The Trustees considered the unitary fee structure proposed by Golden Eagle. The Board compared the proposed unitary fee of the Golden Eagle ETF to a median of expense ratios and fees for the Morningstar Large Growth Category (the "Golden Eagle Category") and the median of the expense ratios and fees of a peer group of other ETFs selected by Broadridge using Morningstar data for the Morningstar Large Growth Category as being comparable to the Golden Eagle ETF in terms of the type of fund, the style of investment management, anticipated assets and the nature of the investment strategy and markets invested in, among other factors (the "Golden Eagle Peer Group"). The Trustees noted that the proposed unitary fee of each of the Golden Eagle ETF was higher than the median gross and net advisory fees of the Golden Eagle Category and Golden Eagle Peer Group, and the Golden Eagle ETF's projected net expense ratio was higher than the median gross and net expense ratios of its Golden Eagle Category and Golden Eagle Peer Group. The Trustees acknowledged Golden Eagle's views that the proposed advisory fees under the Golden Eagle Advisory Agreement are appropriate and competitively priced for an actively managed fund that requires unique services such as those provided by Golden Eagle. The Board noted that the fees to be paid to Tidal under the Golden Eagle Sub-Advisory Agreement were consistent with the range of fees that it represented that it assessed to other clients. The Trustees also considered the split of the advisory fees paid to Golden Eagle versus those paid to Tidal and the respective services provided by each to the Golden Eagle ETF. The Board also considered the projected profitability in managing the Golden Eagle ETF. The Board concluded that fees and expenses to be paid to Golden Eagle and Tidal with respect to the Golden Eagle ETF were within a range of what could have been negotiated at arm's length in light of the all of the facts and circumstances.
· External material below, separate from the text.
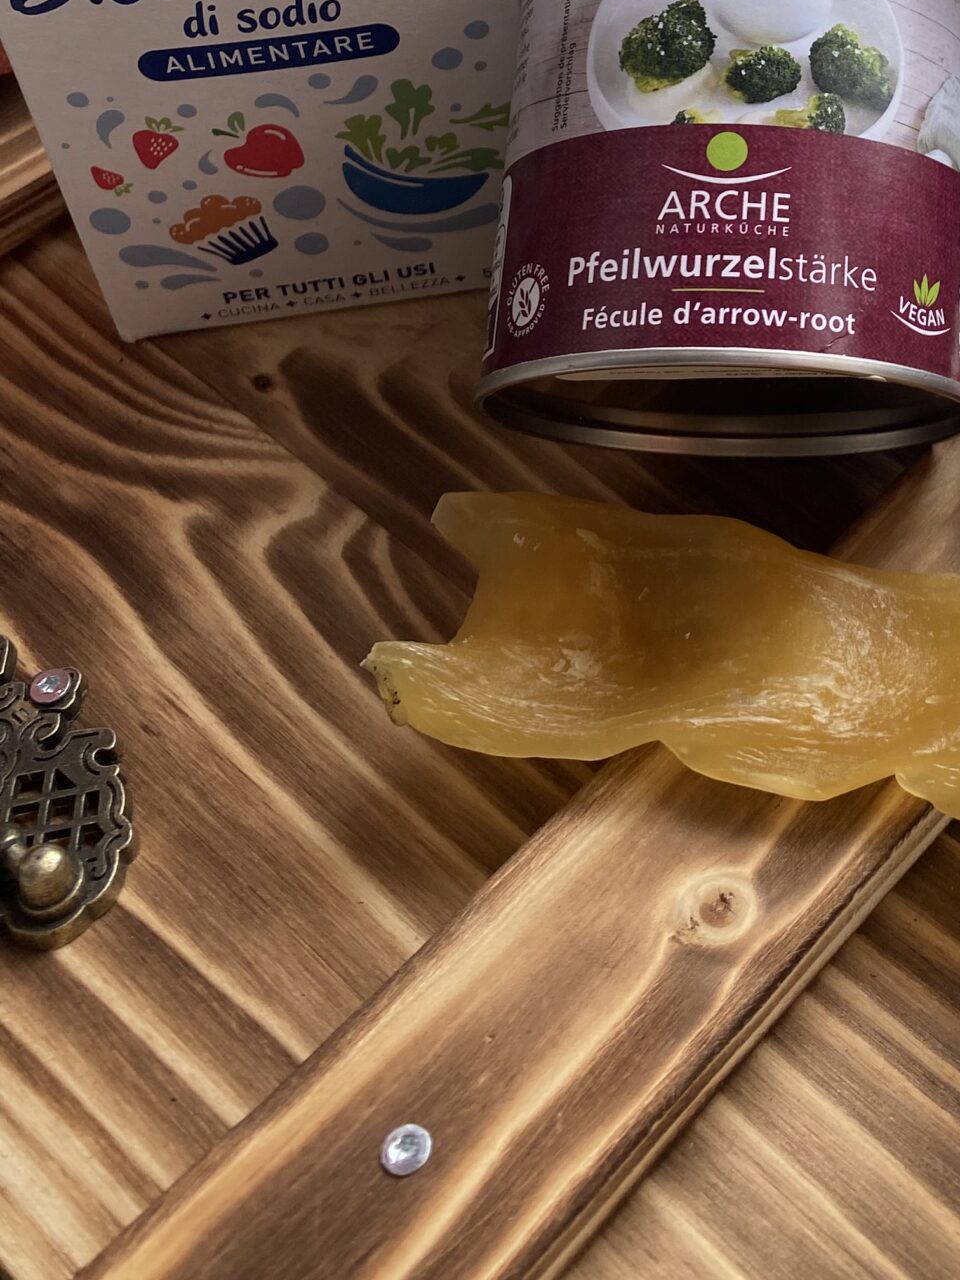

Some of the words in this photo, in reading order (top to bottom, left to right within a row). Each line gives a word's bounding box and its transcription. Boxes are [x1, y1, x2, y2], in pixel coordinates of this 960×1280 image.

4. The extent to which economies of scale would be realized as the Golden Eagle ETF grows and whether advisory fee levels reflect these economies of scale for the benefit of the Golden Eagle ETF's shareholders

The Trustees relied on representations of Golden Eagle at the Meeting that they did not anticipate that the Golden Eagle ETF would be of sufficient size to achieve economies of scale in the first few years of operations. The Trustees noted that the proposed unitary fee did not have break points in the structure. The Board noted that the unitary fee structure limits the shareholders' exposure to underlying operating expense increases even at lower asset levels.

24

FINANCIAL STATEMENTS | DECEMBER 31, 2025

GOLDEN EAGLE DYNAMIC HYPERGROWTH ETF

Supplemental Information (unaudited)

5. Possible conflicts of interest and other benefits

In evaluating the possibility for conflicts of interest, the Board considered such matters as: the experience and ability of the advisory personnel assigned to the Golden Eagle ETF; the basis of decisions to buy or sell securities for the Golden Eagle ETF; and the substance and administration of the Code of Ethics and other relevant policies of Golden Eagle and Tidal. The Board noted Golden Eagle's representations and Tidal policies with respect to the anticipated utilization of soft dollars with regard to the Golden Eagle ETF. The Board also considered potential benefits for Golden Eagle and Tidal in managing the Golden Eagle ETF. Following further consideration and discussion, the Board concluded that the standards and practices of Golden Eagle and Tidal relating to the identification and mitigation of potential conflicts of interest, as well as the benefits to be derived by Golden Eagle and Tidal from managing the Golden Eagle ETF were satisfactory.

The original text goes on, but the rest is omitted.